-- Opening Marker --
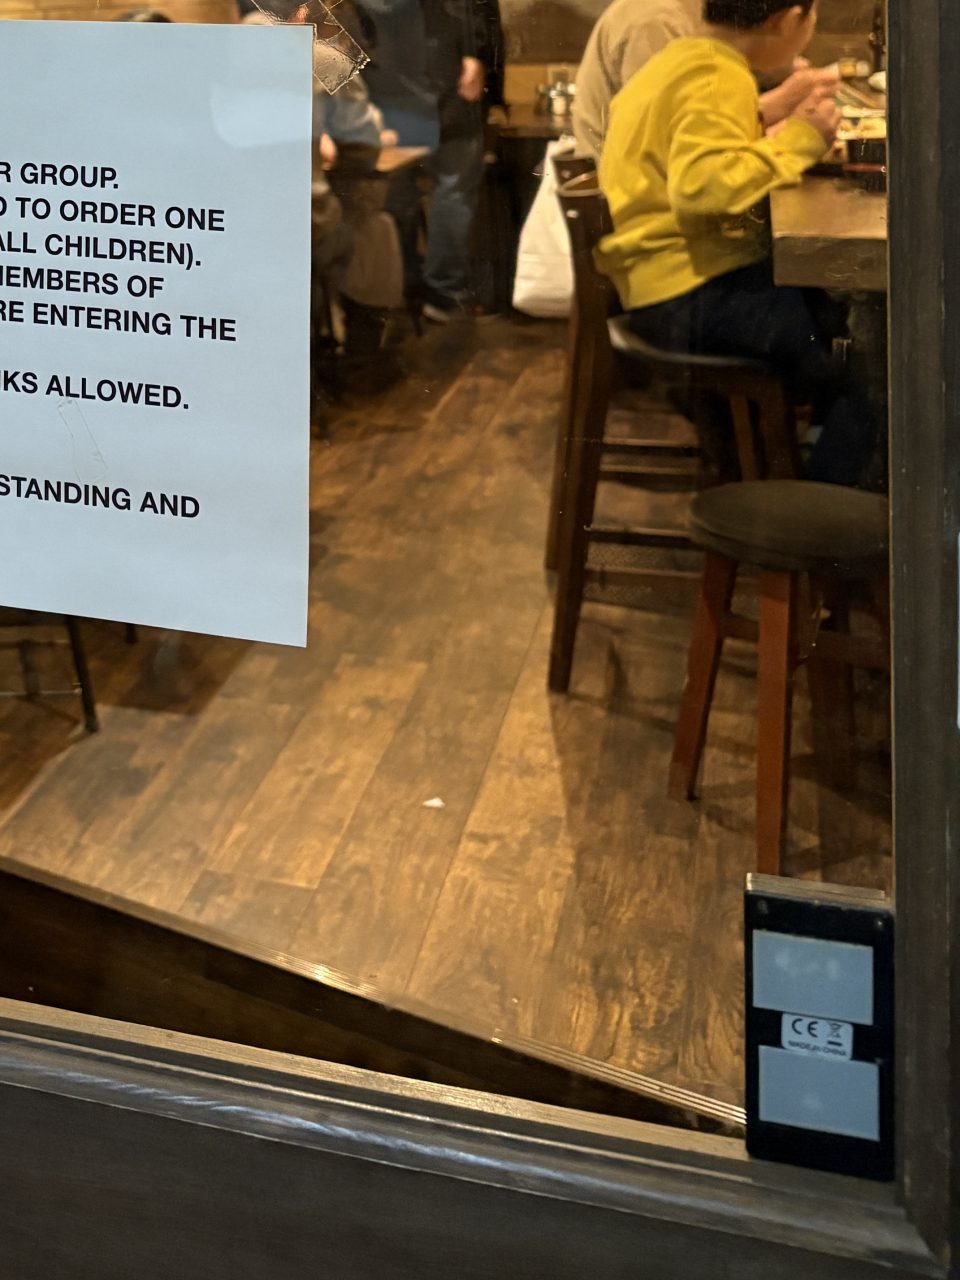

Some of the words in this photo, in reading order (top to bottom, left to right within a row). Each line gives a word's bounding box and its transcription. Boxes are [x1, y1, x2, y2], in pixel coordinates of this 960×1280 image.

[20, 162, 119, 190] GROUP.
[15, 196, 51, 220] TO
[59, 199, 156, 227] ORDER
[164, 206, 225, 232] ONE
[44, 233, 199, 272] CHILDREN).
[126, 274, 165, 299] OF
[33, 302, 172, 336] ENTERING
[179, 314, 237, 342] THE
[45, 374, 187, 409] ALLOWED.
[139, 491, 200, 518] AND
-- Closing Marker --
• _WHAT YOU NEED TO DO_
Return every record exactly, leaving out the pictures.

• _ANSWER BOX_
Some of the words in this photo, in reading order (top to bottom, left to right within a row). Each line gives a word's bounding box and its transcription. Boxes are [x1, y1, x2, y2], in pixel coordinates of this 960×1280 image.

[20, 162, 119, 190] GROUP.
[15, 196, 51, 220] TO
[59, 199, 156, 227] ORDER
[164, 206, 225, 232] ONE
[44, 233, 199, 272] CHILDREN).
[126, 274, 165, 299] OF
[33, 302, 172, 336] ENTERING
[179, 314, 237, 342] THE
[45, 374, 187, 409] ALLOWED.
[139, 491, 200, 518] AND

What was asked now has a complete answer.